• _Task details_
Repeat the listing exactly. The images do not belong in the copy.

• _Data supplied_
========================================

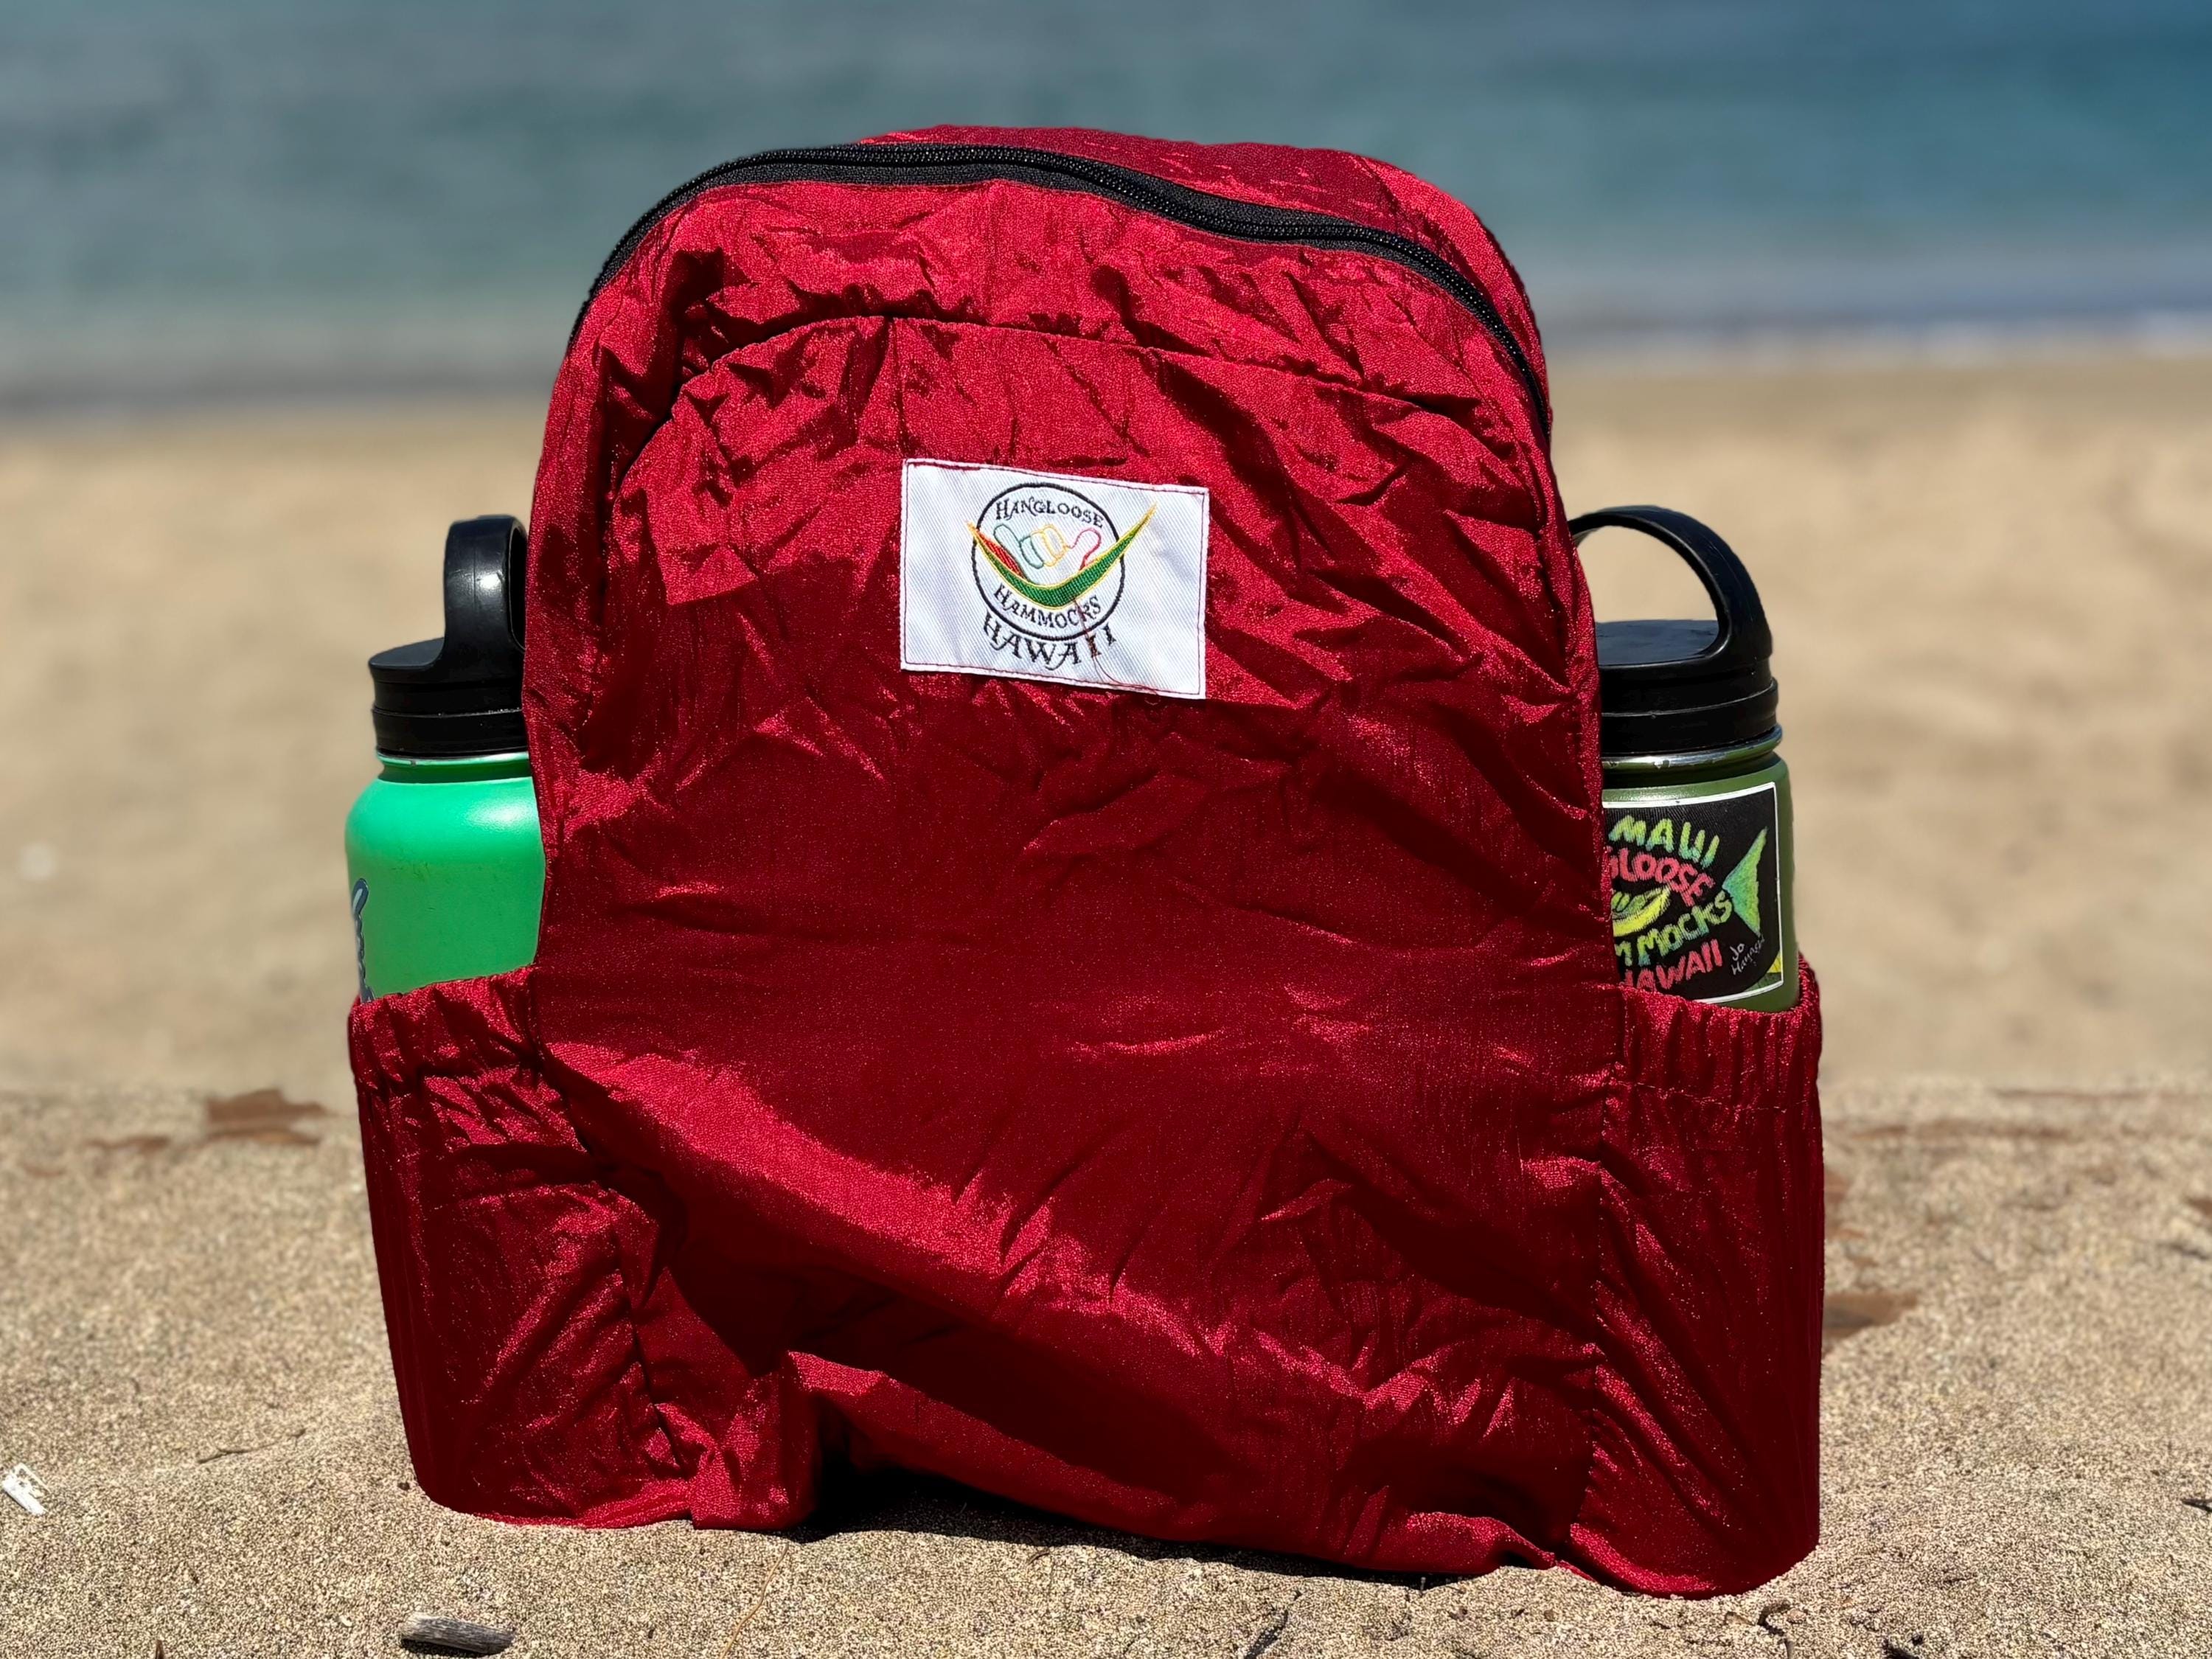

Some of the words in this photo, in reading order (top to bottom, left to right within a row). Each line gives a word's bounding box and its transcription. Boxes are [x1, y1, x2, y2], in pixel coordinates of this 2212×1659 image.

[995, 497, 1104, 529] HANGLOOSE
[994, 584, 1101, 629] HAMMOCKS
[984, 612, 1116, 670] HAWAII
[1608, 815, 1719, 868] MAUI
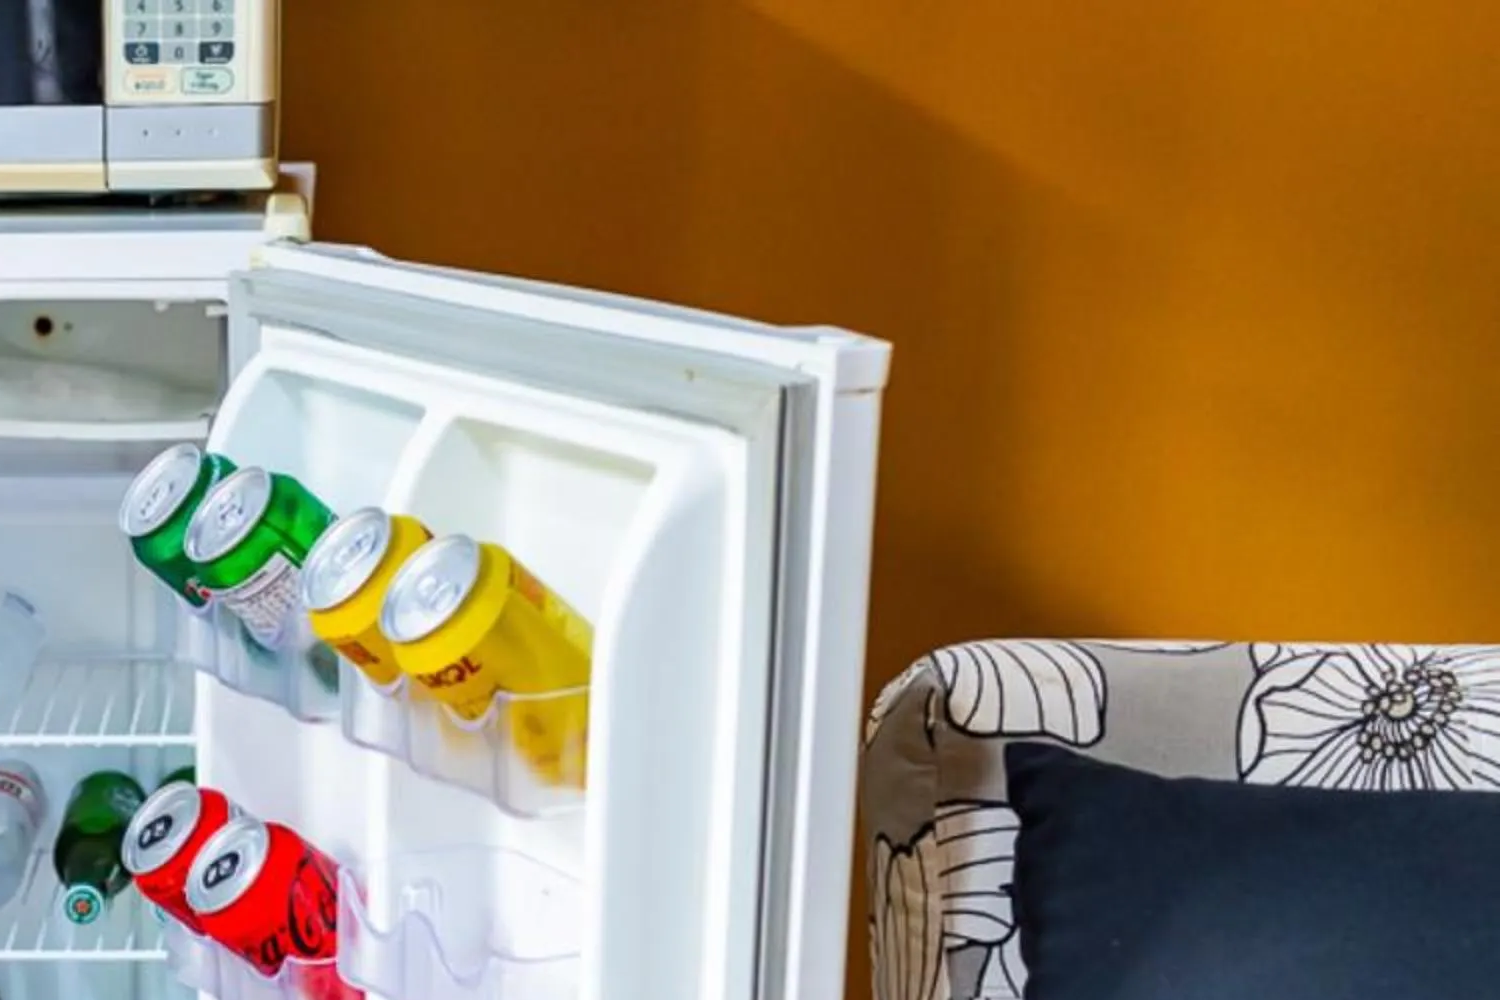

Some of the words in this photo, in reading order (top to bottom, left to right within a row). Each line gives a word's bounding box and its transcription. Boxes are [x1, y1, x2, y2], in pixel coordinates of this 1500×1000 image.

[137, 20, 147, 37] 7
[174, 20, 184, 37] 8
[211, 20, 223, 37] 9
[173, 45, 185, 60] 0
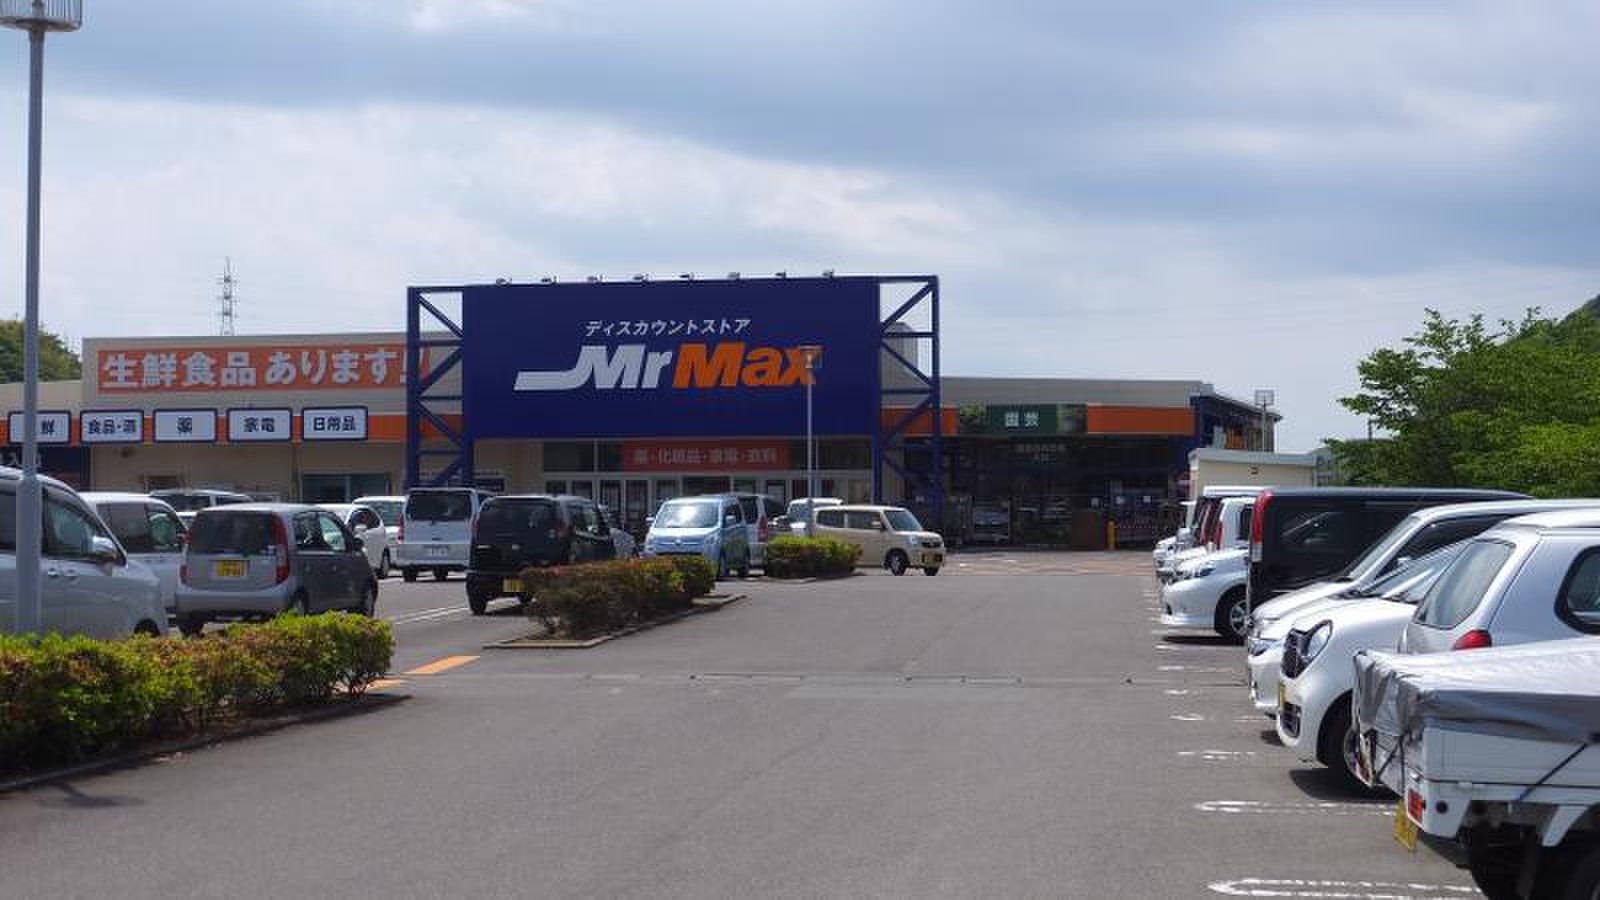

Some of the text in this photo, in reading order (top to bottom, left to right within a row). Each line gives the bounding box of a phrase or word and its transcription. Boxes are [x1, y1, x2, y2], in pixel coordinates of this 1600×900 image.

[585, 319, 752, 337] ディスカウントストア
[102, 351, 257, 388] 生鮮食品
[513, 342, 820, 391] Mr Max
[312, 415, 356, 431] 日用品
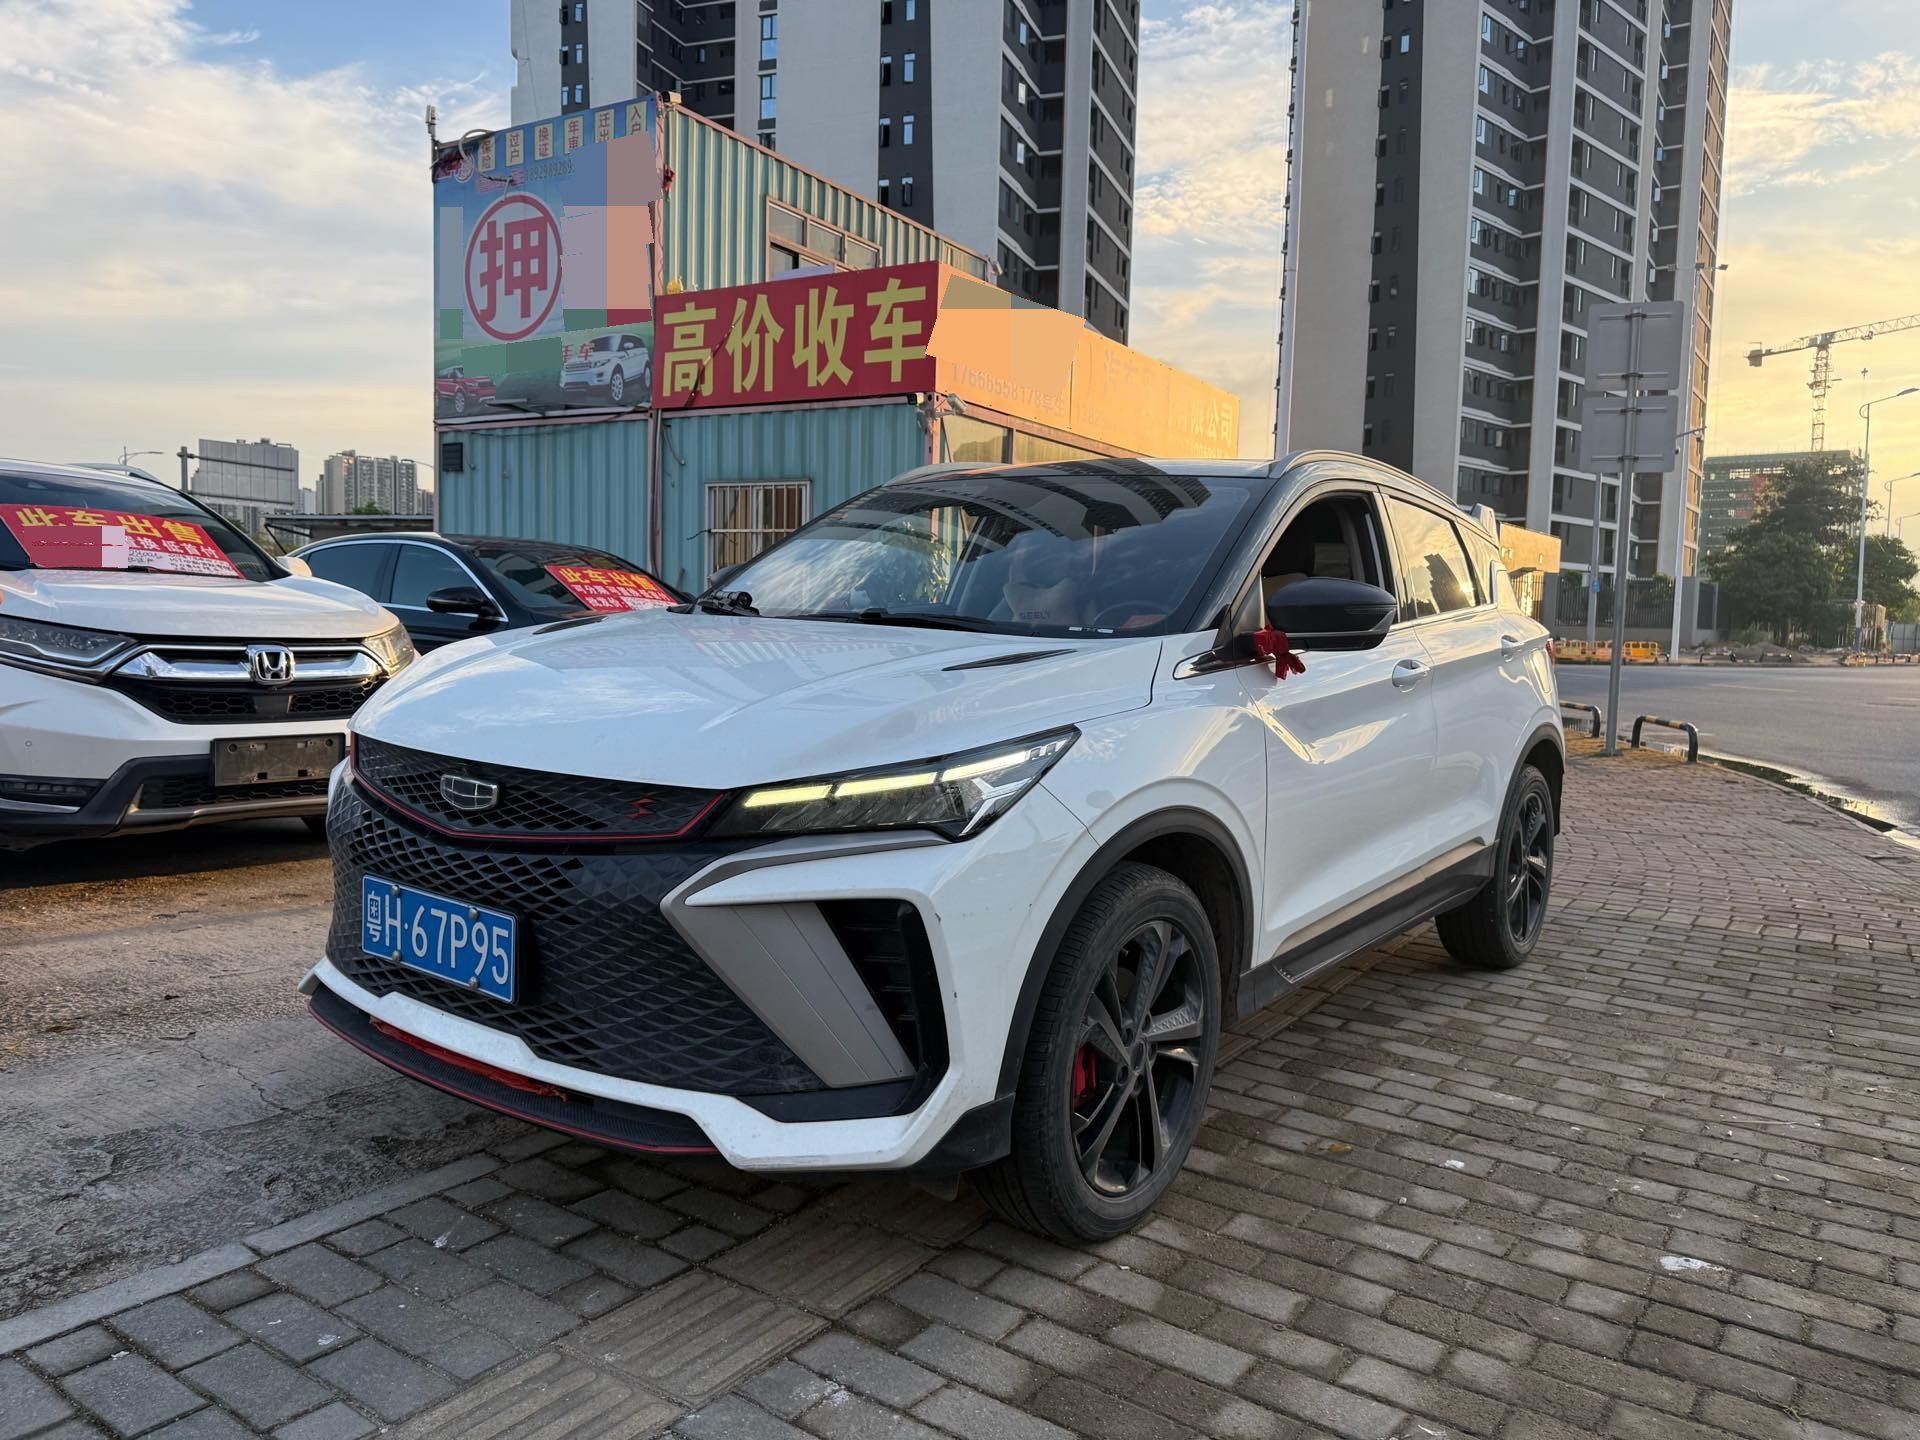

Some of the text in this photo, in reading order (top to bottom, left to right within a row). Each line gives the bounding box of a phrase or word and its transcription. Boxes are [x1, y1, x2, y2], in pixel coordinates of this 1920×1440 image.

========================================

• _Answer to this problem_
Some of the words in this photo, in reading order (top to bottom, left to right within a row). Each line gives a word's bounding box and its transcription. Boxes are [x1, y1, x2, y2], in pixel coordinates of this 2212×1659 image.

[995, 497, 1104, 529] HANGLOOSE
[994, 584, 1101, 629] HAMMOCKS
[984, 612, 1116, 670] HAWAII
[1608, 815, 1719, 868] MAUI

Some of the words in this photo, in reading order (top to bottom, left to right within a row). Each line gives a word's bounding box and its transcription. Boxes are [x1, y1, x2, y2], in pixel coordinates of this 1500×1000 image.

[137, 20, 147, 37] 7
[174, 20, 184, 37] 8
[211, 20, 223, 37] 9
[173, 45, 185, 60] 0

Some of the text in this photo, in reading order (top to bottom, left to right within a row). Each line gives the bounding box of a phrase or word and its transcription. Boxes are [x1, y1, x2, y2], in pixel coordinates of this 1600×900 image.

[585, 319, 752, 337] ディスカウントストア
[102, 351, 257, 388] 生鮮食品
[513, 342, 820, 391] Mr Max
[312, 415, 356, 431] 日用品

Some of the text in this photo, in reading order (top to bottom, left to right within a row). Each line gives the bounding box of a phrase or word and its transcription. Boxes are [x1, y1, x2, y2], in pixel coordinates of this 1920×1440 image.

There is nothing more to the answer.